▸ Description of the task: What is wanted is the line holding "this 1260×1890 image." and every later line through the end of the entries, set down exactly.

Stored records
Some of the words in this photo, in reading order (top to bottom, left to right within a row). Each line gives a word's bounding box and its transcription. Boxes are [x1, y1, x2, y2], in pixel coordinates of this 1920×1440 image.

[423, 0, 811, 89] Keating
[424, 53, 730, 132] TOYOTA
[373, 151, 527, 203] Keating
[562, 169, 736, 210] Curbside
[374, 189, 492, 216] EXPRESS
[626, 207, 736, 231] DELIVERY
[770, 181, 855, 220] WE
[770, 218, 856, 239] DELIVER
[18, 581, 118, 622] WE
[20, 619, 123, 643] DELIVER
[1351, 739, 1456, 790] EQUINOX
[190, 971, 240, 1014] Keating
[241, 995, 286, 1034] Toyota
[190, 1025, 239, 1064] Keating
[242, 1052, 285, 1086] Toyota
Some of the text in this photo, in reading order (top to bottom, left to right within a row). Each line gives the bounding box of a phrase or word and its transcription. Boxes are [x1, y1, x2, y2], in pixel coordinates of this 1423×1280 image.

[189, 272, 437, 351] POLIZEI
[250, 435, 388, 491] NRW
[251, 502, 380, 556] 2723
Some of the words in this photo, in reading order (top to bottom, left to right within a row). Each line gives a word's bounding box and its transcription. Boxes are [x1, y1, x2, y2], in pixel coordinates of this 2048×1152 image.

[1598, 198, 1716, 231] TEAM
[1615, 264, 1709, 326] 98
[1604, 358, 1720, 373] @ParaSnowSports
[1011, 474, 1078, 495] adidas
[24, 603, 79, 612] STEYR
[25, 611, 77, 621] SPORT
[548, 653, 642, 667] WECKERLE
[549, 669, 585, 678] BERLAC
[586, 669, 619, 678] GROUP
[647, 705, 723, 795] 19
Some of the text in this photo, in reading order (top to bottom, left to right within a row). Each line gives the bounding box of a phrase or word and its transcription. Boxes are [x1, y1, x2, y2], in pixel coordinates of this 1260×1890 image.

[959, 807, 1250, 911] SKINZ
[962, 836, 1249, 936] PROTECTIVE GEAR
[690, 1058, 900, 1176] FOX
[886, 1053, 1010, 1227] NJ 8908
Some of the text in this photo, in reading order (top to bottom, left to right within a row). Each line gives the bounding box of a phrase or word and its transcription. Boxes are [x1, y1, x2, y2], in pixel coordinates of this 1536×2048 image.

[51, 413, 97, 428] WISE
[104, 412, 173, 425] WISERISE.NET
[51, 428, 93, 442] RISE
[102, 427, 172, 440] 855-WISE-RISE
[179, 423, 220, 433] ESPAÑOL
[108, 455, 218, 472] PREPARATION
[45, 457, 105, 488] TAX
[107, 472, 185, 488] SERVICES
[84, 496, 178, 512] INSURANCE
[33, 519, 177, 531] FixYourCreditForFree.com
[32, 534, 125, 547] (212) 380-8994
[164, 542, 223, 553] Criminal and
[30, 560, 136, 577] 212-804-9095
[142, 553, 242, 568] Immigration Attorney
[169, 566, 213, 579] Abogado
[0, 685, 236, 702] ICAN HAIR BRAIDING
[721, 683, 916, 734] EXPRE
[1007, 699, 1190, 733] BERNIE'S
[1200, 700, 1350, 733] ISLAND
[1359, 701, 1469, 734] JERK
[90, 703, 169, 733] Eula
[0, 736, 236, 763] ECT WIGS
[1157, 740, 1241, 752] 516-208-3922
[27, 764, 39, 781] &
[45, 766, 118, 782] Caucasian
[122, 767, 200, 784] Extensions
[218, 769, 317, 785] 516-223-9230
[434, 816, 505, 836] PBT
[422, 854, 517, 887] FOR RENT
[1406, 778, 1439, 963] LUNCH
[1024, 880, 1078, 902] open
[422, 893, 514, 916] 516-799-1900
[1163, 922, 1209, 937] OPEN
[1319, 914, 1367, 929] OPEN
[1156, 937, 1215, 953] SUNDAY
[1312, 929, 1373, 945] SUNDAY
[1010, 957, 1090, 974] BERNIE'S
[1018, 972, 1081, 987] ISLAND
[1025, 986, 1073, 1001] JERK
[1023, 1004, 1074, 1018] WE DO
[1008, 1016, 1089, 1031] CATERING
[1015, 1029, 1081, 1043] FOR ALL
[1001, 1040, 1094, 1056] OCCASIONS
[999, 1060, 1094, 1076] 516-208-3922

▸ Task result:
Some of the text in this photo, in reading order (top to bottom, left to right within a row). Each line gives the bounding box of a phrase or word and its transcription. Boxes are [x1, y1, x2, y2], in pixel coordinates of this 1260×1890 image.

[959, 807, 1250, 911] SKINZ
[962, 836, 1249, 936] PROTECTIVE GEAR
[690, 1058, 900, 1176] FOX
[886, 1053, 1010, 1227] NJ 8908
Some of the text in this photo, in reading order (top to bottom, left to right within a row). Each line gives the bounding box of a phrase or word and its transcription. Boxes are [x1, y1, x2, y2], in pixel coordinates of this 1536×2048 image.

[51, 413, 97, 428] WISE
[104, 412, 173, 425] WISERISE.NET
[51, 428, 93, 442] RISE
[102, 427, 172, 440] 855-WISE-RISE
[179, 423, 220, 433] ESPAÑOL
[108, 455, 218, 472] PREPARATION
[45, 457, 105, 488] TAX
[107, 472, 185, 488] SERVICES
[84, 496, 178, 512] INSURANCE
[33, 519, 177, 531] FixYourCreditForFree.com
[32, 534, 125, 547] (212) 380-8994
[164, 542, 223, 553] Criminal and
[30, 560, 136, 577] 212-804-9095
[142, 553, 242, 568] Immigration Attorney
[169, 566, 213, 579] Abogado
[0, 685, 236, 702] ICAN HAIR BRAIDING
[721, 683, 916, 734] EXPRE
[1007, 699, 1190, 733] BERNIE'S
[1200, 700, 1350, 733] ISLAND
[1359, 701, 1469, 734] JERK
[90, 703, 169, 733] Eula
[0, 736, 236, 763] ECT WIGS
[1157, 740, 1241, 752] 516-208-3922
[27, 764, 39, 781] &
[45, 766, 118, 782] Caucasian
[122, 767, 200, 784] Extensions
[218, 769, 317, 785] 516-223-9230
[434, 816, 505, 836] PBT
[422, 854, 517, 887] FOR RENT
[1406, 778, 1439, 963] LUNCH
[1024, 880, 1078, 902] open
[422, 893, 514, 916] 516-799-1900
[1163, 922, 1209, 937] OPEN
[1319, 914, 1367, 929] OPEN
[1156, 937, 1215, 953] SUNDAY
[1312, 929, 1373, 945] SUNDAY
[1010, 957, 1090, 974] BERNIE'S
[1018, 972, 1081, 987] ISLAND
[1025, 986, 1073, 1001] JERK
[1023, 1004, 1074, 1018] WE DO
[1008, 1016, 1089, 1031] CATERING
[1015, 1029, 1081, 1043] FOR ALL
[1001, 1040, 1094, 1056] OCCASIONS
[999, 1060, 1094, 1076] 516-208-3922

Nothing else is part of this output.